Gerakan yang menewaskan satu orang anggota TRI ini memang mudah dipatahkan. Pasalnya, putch terjadi secara spontan dan tidak dibekali kesiapan yang matang serta jumlah pasukan yang tidak sepadan.

Enam bulan setelah kegagalan PKI di Cirebon, Jusuf dan Seoprapto ditangkap bersama sekitar 30-40 pengikutnya. Sebulan kemudian keduanya diadili di hadapan mahkamah militer di Cirebon. Hingga keluarlah putusan pengadilan yang menjatuhkan hukuman bagi Jusuf selama tiga tahun penjara, dan satu setengah tahun bagi Soeprapto.

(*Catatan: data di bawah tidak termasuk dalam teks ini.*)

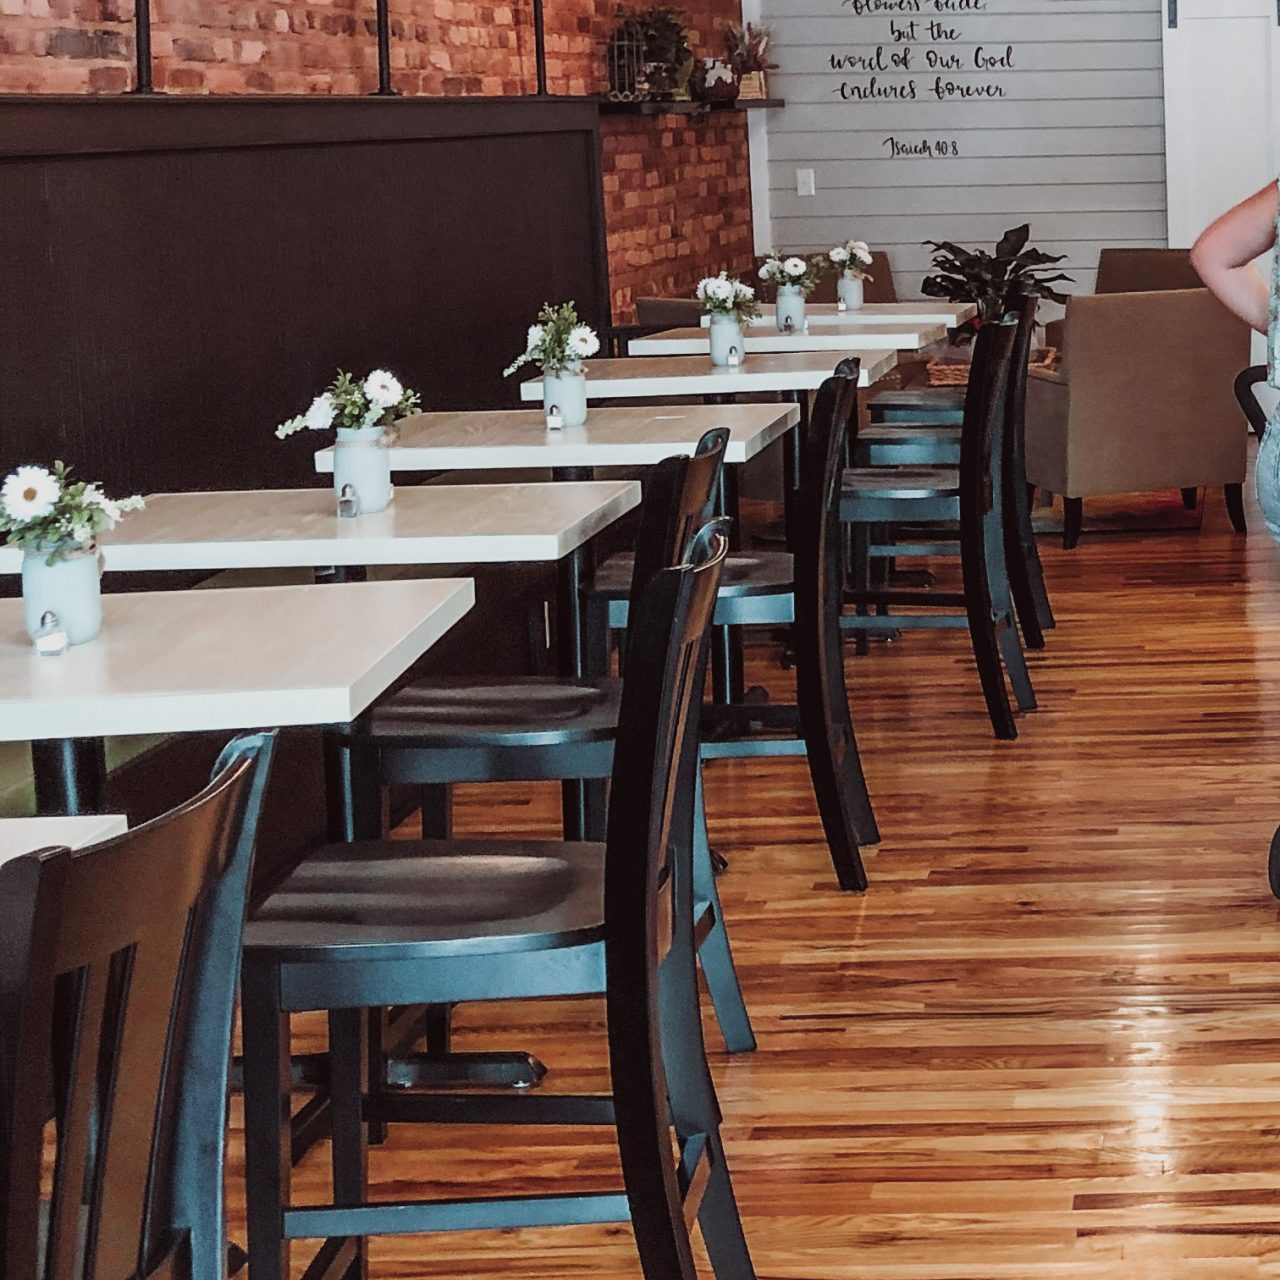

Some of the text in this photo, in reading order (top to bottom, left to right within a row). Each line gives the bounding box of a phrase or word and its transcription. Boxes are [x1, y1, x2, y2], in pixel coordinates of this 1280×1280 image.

Insiden tahun 1946 di Cirebon ini ternyata terjadi di luar kontrol bersama antara PKI dengan Laskar Merah, dan lebih mengarah pada tindakan sepihak yang dilakukan Laskar Merah.

Setelah Jusuf dan Soeprapto menjalani masa hukuman yang dijatuhkan pengadilan, orang-orang PKI bawah tanah (PKI ilegal) membentuk Panitia Pemberesan untuk menegaskan dan mengukuhkan kembali arah politik PKI sesuai dengan Komintern.

Dalam sidang Panitia Pemberasan, PKI Jusuf tidak diakui sebagai kelanjutan dari PKI tahun 1926, hal ini didasari oleh arah politik Jusuf yang cenderung hanya berskala nasional.

Terlihat jelas terjadi perselisihan PKI Jusuf dengan PKI bawah tanah. Hal ini seperti yang terjadi dalam peristiwa pemberontakan PKI 1926 yang kental dengan nuansa konflik pandangan politik antara Tan Malaka dengan Musso. Harry A. Poeze menyatakan bahwa garis politik Jusuf dekat dengan Tan Malaka.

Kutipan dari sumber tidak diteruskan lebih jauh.